Thinking Outside the Test
Solve the challenge of performance assessment with "real-world" steps and tools.

Lesson Content

One puzzle in teaching the arts is how to assess student learning well. You want to be respectful of student artists and their development, but you also have a responsibility to provide assessment for the educational system. The challenge is finding an assessment that balances what is best for the student artist while meeting accountability requirements.

Tests are not bad, (seriously). But testing does not necessarily tell us all we need to know, and should know, about student learning in the arts. The arts are multi-faceted and paper-and-pencil testing is rarely used to assess “real-world” artwork. So we need the right tools to understand what our students are learning in the arts.

One answer lies in performance assessment. Performance assessment is often referred to as authentic or alternative assessment. In an authentic assessment, student work is examined much like “real-world” work is assessed. Strategies that are found in the “real world” such as performances, critiques, and personal reflection are put to work in authentic assessment.

Understanding Performance Assessments

Performance assessment requires students to perform a task that results in a product (such as a sculpture or a composition) or a performance (such as a concert or a dance recital). Performance assessment tasks often take more time than traditional assessments. They are generally multi-step processes, requiring preparation and revision, and are completed with critique or reflection. There is often no one right answer to be circled on a page—indeed, the outcome may be complex and layered.

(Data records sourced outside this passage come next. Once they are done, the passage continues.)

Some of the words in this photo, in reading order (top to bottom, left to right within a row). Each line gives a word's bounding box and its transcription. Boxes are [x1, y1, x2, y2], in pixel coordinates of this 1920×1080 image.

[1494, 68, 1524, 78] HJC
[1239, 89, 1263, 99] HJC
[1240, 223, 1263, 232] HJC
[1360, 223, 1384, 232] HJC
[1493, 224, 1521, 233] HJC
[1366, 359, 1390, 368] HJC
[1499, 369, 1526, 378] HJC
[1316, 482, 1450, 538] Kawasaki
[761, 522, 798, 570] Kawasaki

Grant Wiggins, author of Educative Assessment and one of the minds behind the influential Understanding by Design, identifies the following criteria for authentic performance assessment:

  1. Produce “real-world” work. An authentic performance assessment is much like one found in a real-world setting. Performances can be assessment tasks, whether they are live concerts or mp3 recordings. Visual artwork presented in a school art gallery (or even in the hall outside your classroom) is another representation of “real-world” work.
  2. Solve a problem. Students need to identify their own solutions to problems. And, typically, the problems are complex. Students may want to draw on knowledge and skill from other areas and integrate them into the solution.
  3. Do the work. Rather than correctly filling in test bubbles to demonstrate learning, students integrate their newly acquired knowledge and skills by doing the work—dance, sculpt, improvise, harmonize.
  4. Practice makes progress. Authentic performance assessment allows students to practice as well as receive feedback and have the opportunity to revise their work. In other words, performance assessment looks a lot like time in rehearsal or the studio. Authentic assessments utilize the circular loop of performance, feedback, and revision, ideally giving students the opportunity to develop their artwork.

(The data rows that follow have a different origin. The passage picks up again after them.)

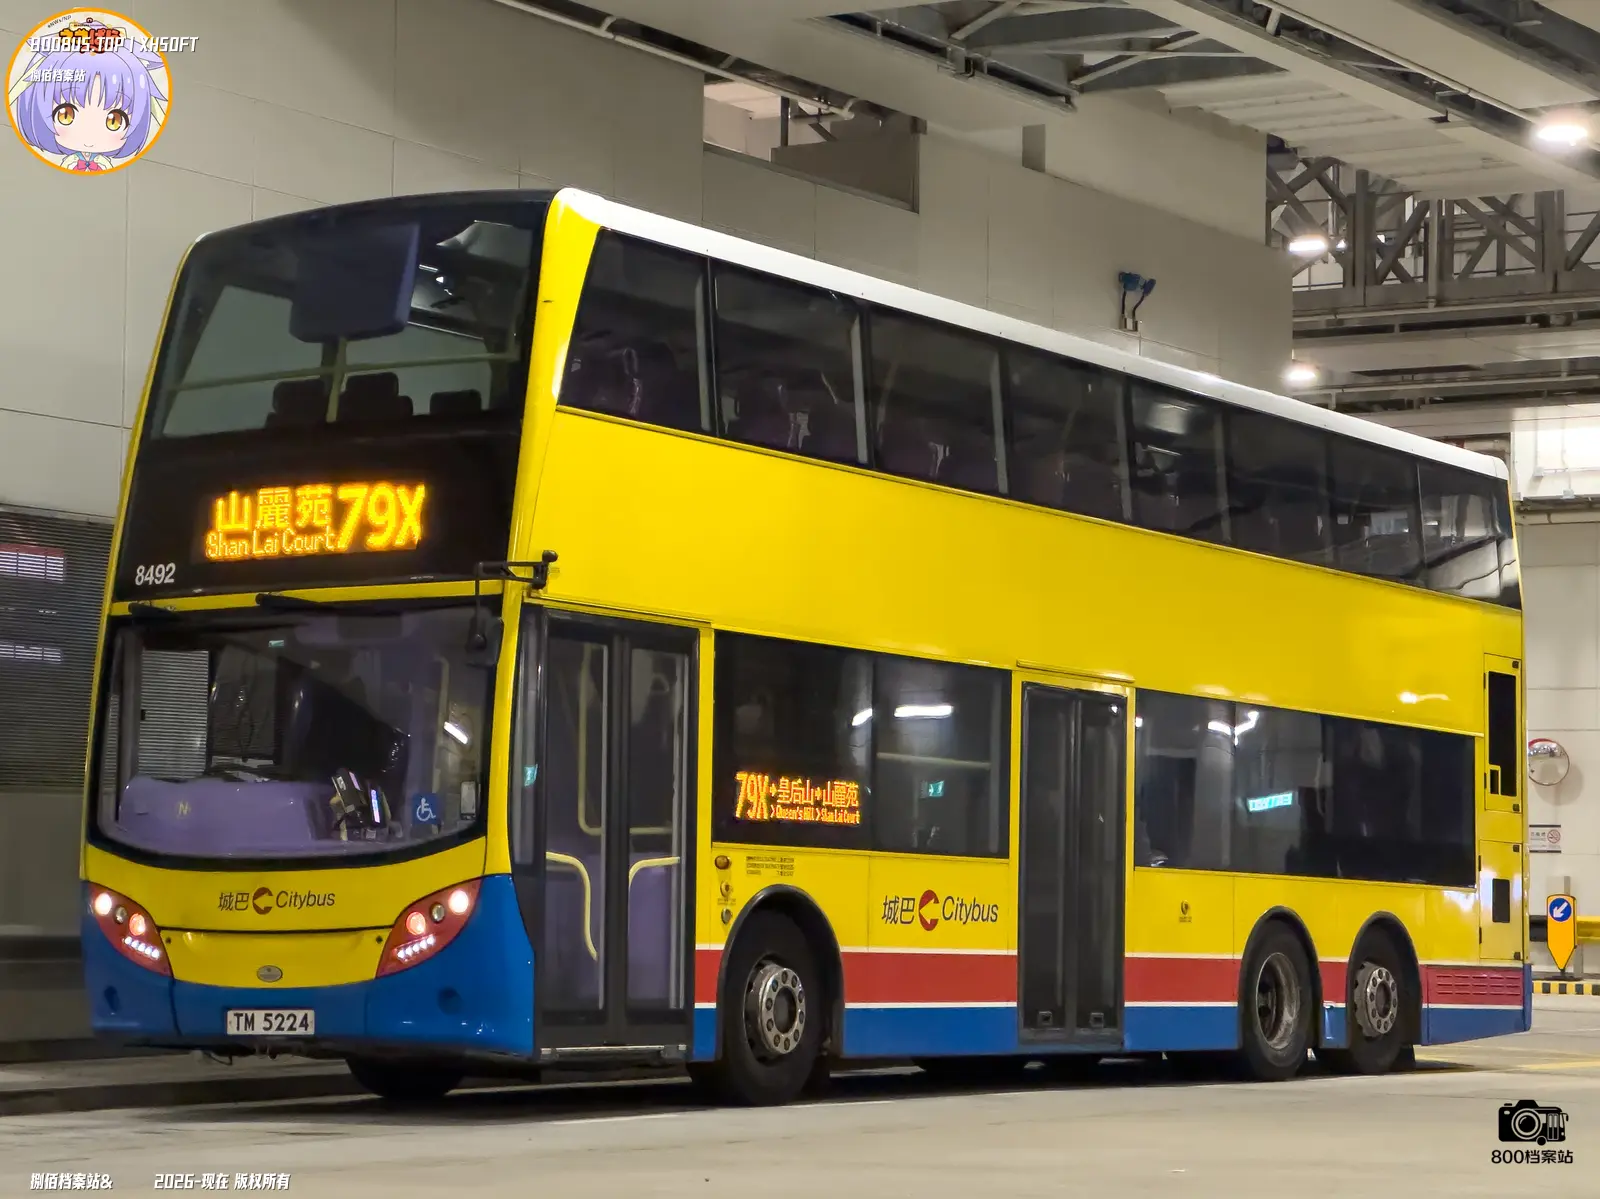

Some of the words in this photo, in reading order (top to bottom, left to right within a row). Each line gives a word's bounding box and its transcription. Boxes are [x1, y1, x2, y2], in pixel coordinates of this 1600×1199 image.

[214, 484, 333, 531] 山麗苑
[336, 481, 426, 551] 79X
[205, 530, 250, 560] Shan
[252, 529, 279, 555] Lai
[281, 525, 336, 553] Court
[135, 562, 176, 586] 8492
[735, 770, 770, 820] 79X
[777, 776, 814, 806] 皇后山
[776, 804, 804, 821] Queen's
[218, 892, 250, 911] 城巴
[276, 890, 336, 909] Citybus
[882, 895, 916, 925] 城巴
[942, 896, 999, 925] Citybus
[233, 1012, 255, 1032] TM
[262, 1012, 310, 1032] 5224
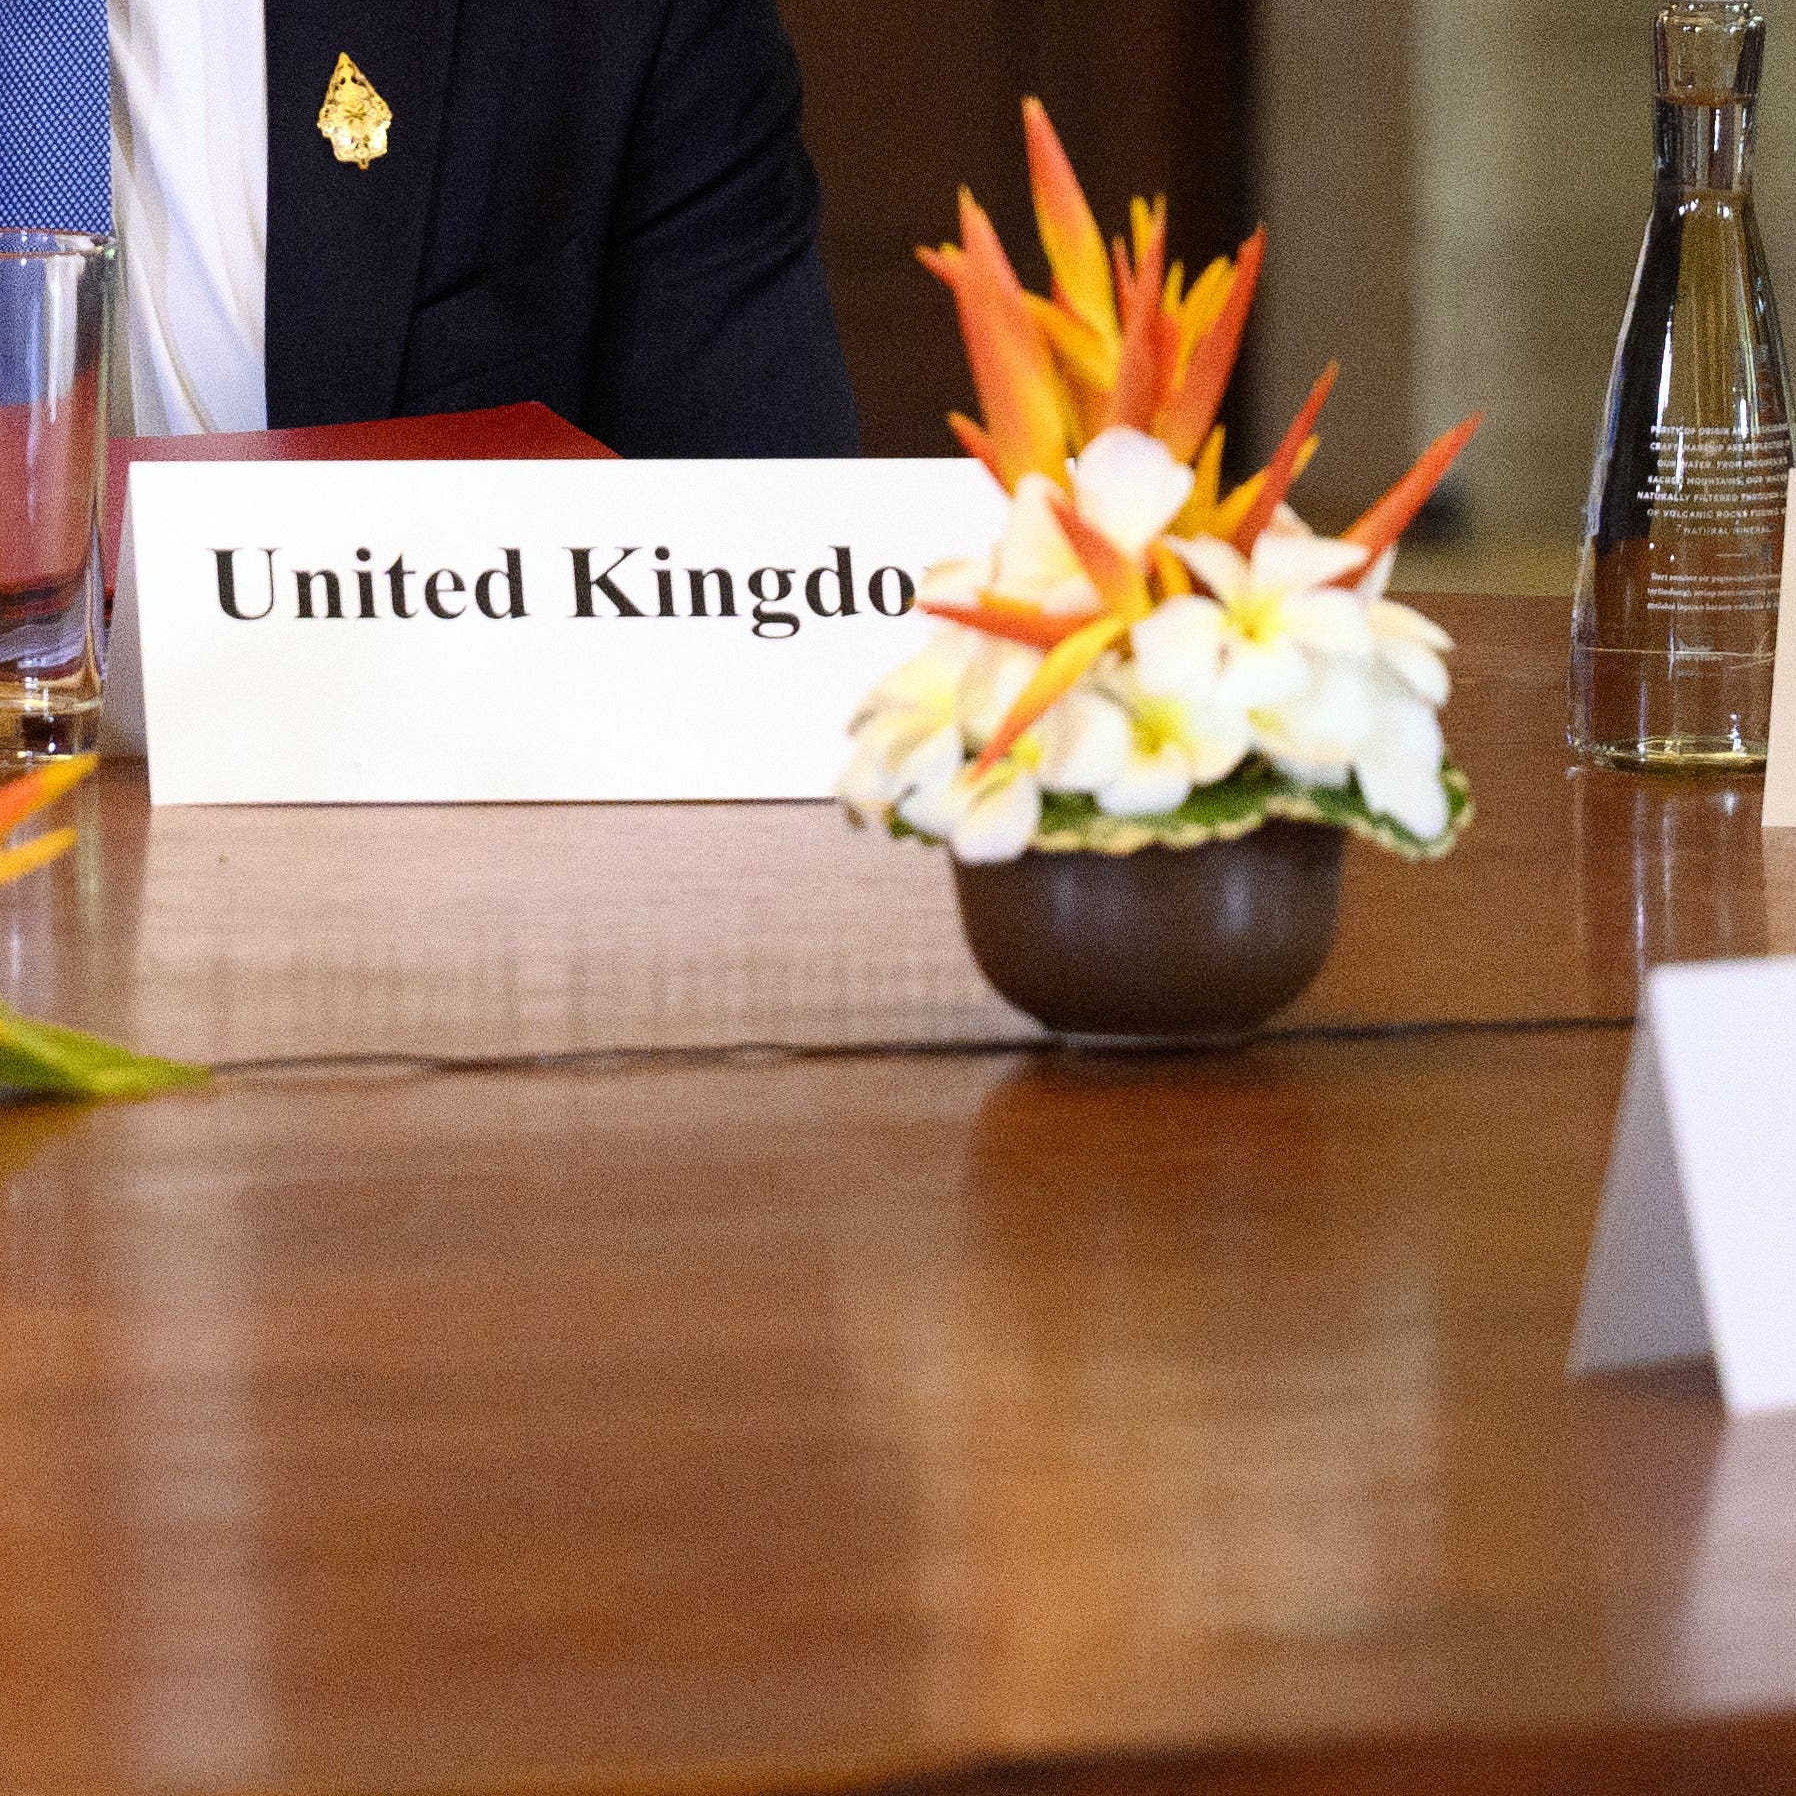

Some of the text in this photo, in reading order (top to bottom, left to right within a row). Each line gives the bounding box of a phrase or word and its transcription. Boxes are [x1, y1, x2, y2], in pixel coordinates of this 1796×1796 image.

[1637, 491, 1690, 502] NATURALLY
[1663, 510, 1713, 519] VOLCANIC
[1684, 526, 1729, 535] NATURAL
[206, 545, 918, 640] United Kingdo

The Student and Self-Assessment

There are opportunities for both formative and summative assessment. Frequently, students document the process of creating the artwork as well as creating a product or performance. Documenting the process can take on many forms. Students might journal about the rehearsal process in preparation for the production of a play, or they might collect and describe the sketches made in preparation for a painting. Self-assessments embedded in the process allow students to contribute to their own assessment through self-reflective writing and discussion. These elements give students greater participation in their own learning.

The arts are taught with students doing—they sing, they clap, they experiment with rhythm, they blend color, they improvise a frog's jump. Assessments need to reflect instruction. Engaged and active instruction is best assessed by engaged and active assessment.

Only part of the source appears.